• _WORK INSTRUCTIONS_:
Transcribe all the records exactly and omit any images they hold.
※
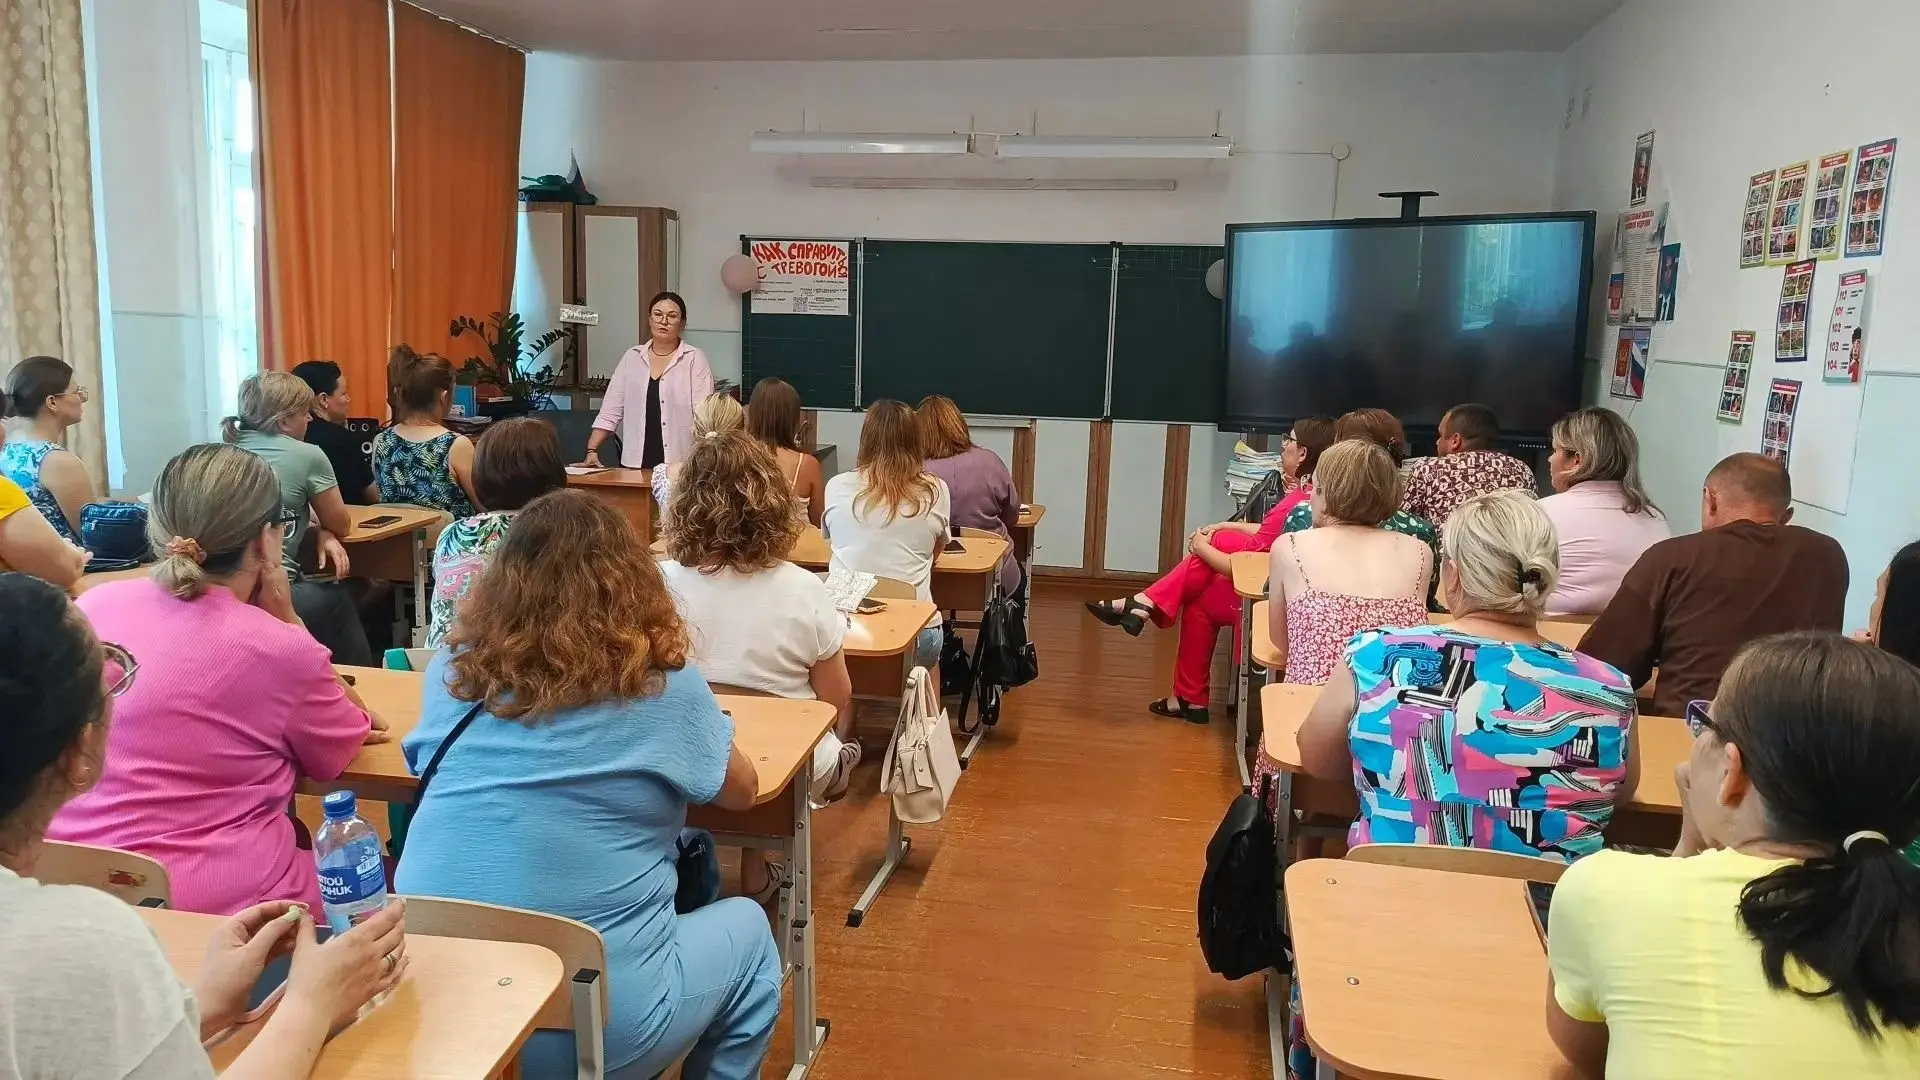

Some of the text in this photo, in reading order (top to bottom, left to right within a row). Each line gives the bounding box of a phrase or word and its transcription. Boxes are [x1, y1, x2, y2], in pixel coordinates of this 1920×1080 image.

[752, 242, 787, 264] КАК
[757, 261, 837, 279] С ТРЕВОГОЙ
[1829, 342, 1839, 352] 103
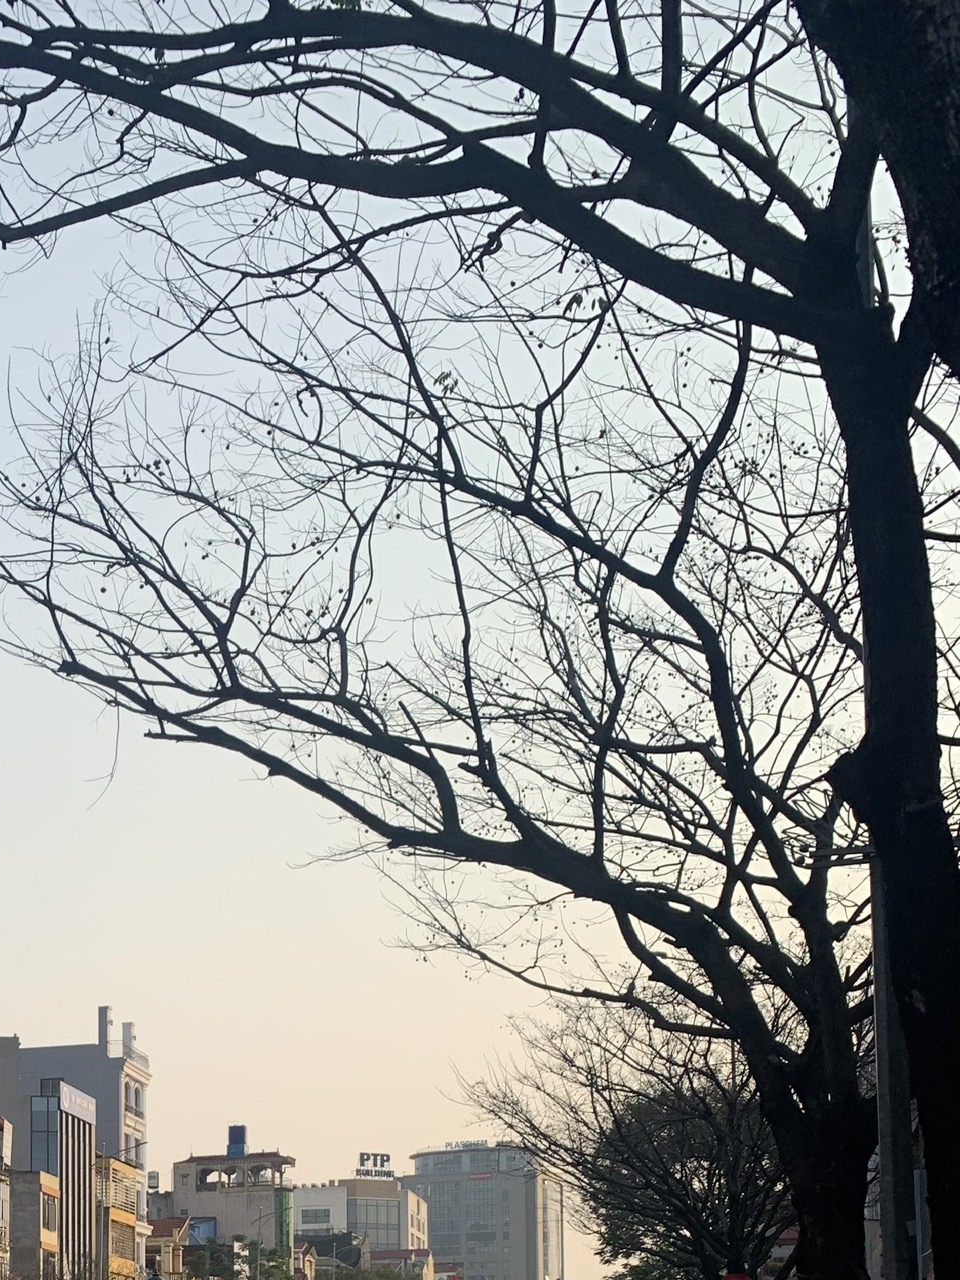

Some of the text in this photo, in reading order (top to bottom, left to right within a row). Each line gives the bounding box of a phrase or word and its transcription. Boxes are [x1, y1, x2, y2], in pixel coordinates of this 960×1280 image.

[445, 1140, 488, 1149] PLASCHEM
[359, 1152, 391, 1168] PTP
[356, 1169, 394, 1178] BUILDING
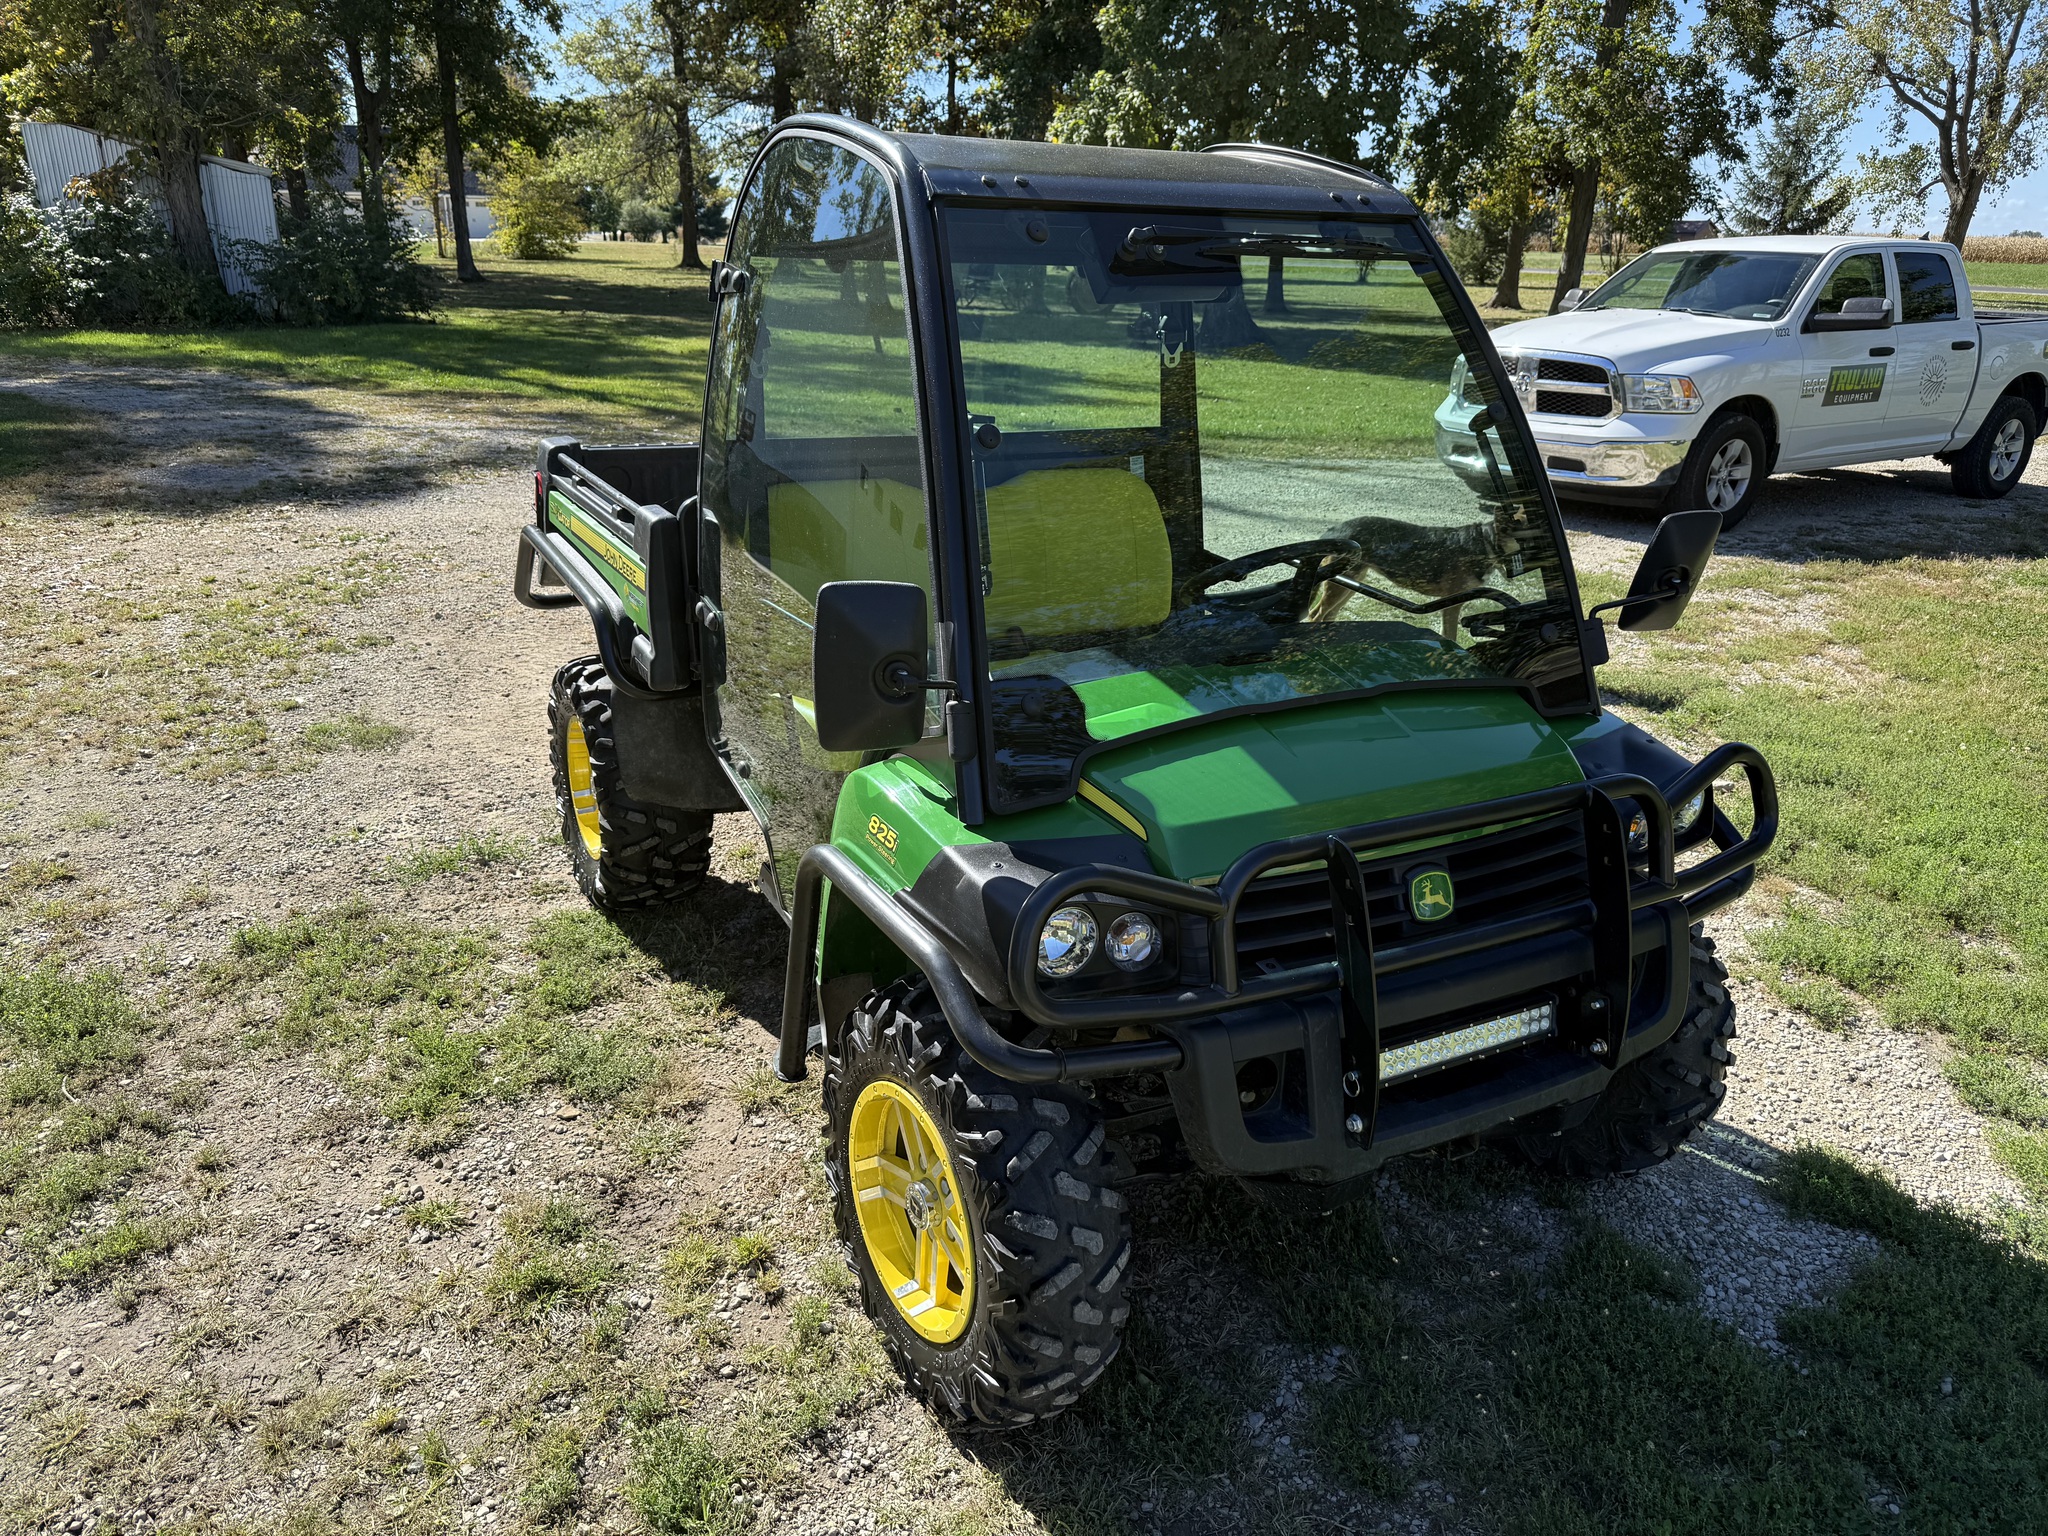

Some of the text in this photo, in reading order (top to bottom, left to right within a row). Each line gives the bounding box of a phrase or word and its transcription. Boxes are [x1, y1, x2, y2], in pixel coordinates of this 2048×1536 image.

[1775, 328, 1790, 337] 0232
[1830, 367, 1884, 392] TRULAND
[1834, 392, 1873, 403] EQUIPMENT
[603, 543, 637, 584] JOHN DEERE
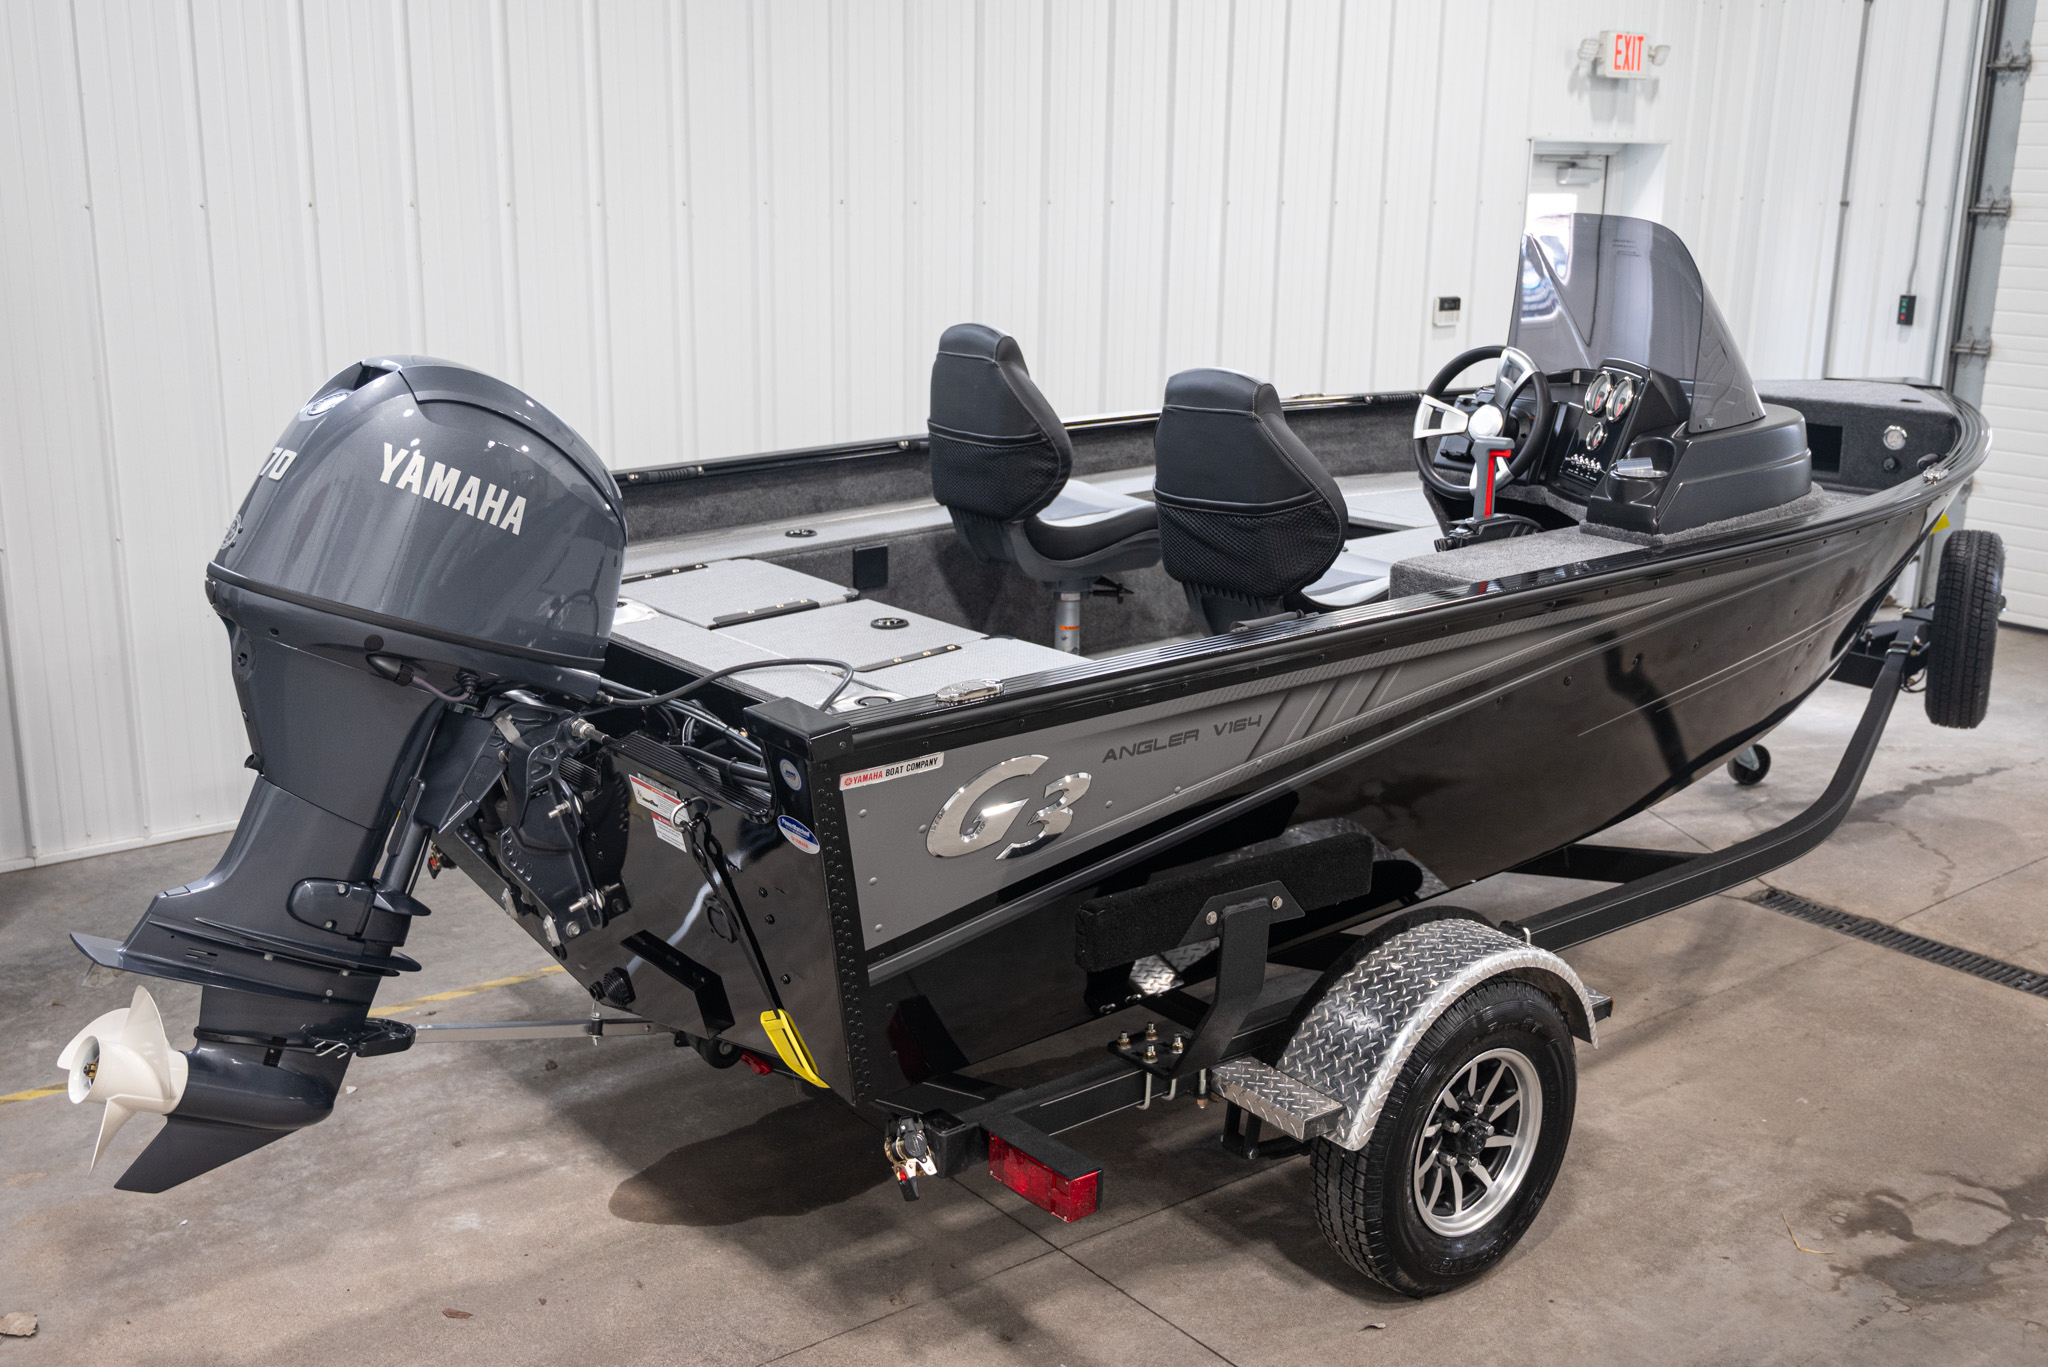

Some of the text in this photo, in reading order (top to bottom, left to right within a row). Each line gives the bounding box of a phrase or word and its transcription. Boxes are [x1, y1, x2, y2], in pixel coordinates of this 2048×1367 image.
※
• _EXPECTED OUTPUT_:
Some of the text in this photo, in reading order (top to bottom, left to right within a row). Each line gives the bounding box of a phrase or word and its transcription. Boxes are [x1, y1, x2, y2], in pixel coordinates of this 1920×1080 image.

[752, 242, 787, 264] КАК
[757, 261, 837, 279] С ТРЕВОГОЙ
[1829, 342, 1839, 352] 103

Some of the text in this photo, in reading order (top to bottom, left to right within a row). Each line gives the bounding box of a phrase or word and its transcription. Boxes are [x1, y1, x2, y2], in pixel coordinates of this 960×1280 image.

[445, 1140, 488, 1149] PLASCHEM
[359, 1152, 391, 1168] PTP
[356, 1169, 394, 1178] BUILDING

Some of the text in this photo, in reading order (top to bottom, left to right within a row). Each line gives the bounding box of a phrase or word and its transcription. Boxes are [x1, y1, x2, y2], in pixel coordinates of this 2048×1536 image.

[1775, 328, 1790, 337] 0232
[1830, 367, 1884, 392] TRULAND
[1834, 392, 1873, 403] EQUIPMENT
[603, 543, 637, 584] JOHN DEERE

Some of the text in this photo, in reading order (top to bottom, left to right within a row). Each line gives the bounding box of a phrase or word and its transcription. Boxes are [x1, y1, x2, y2], in pixel coordinates of this 2048×1367 image.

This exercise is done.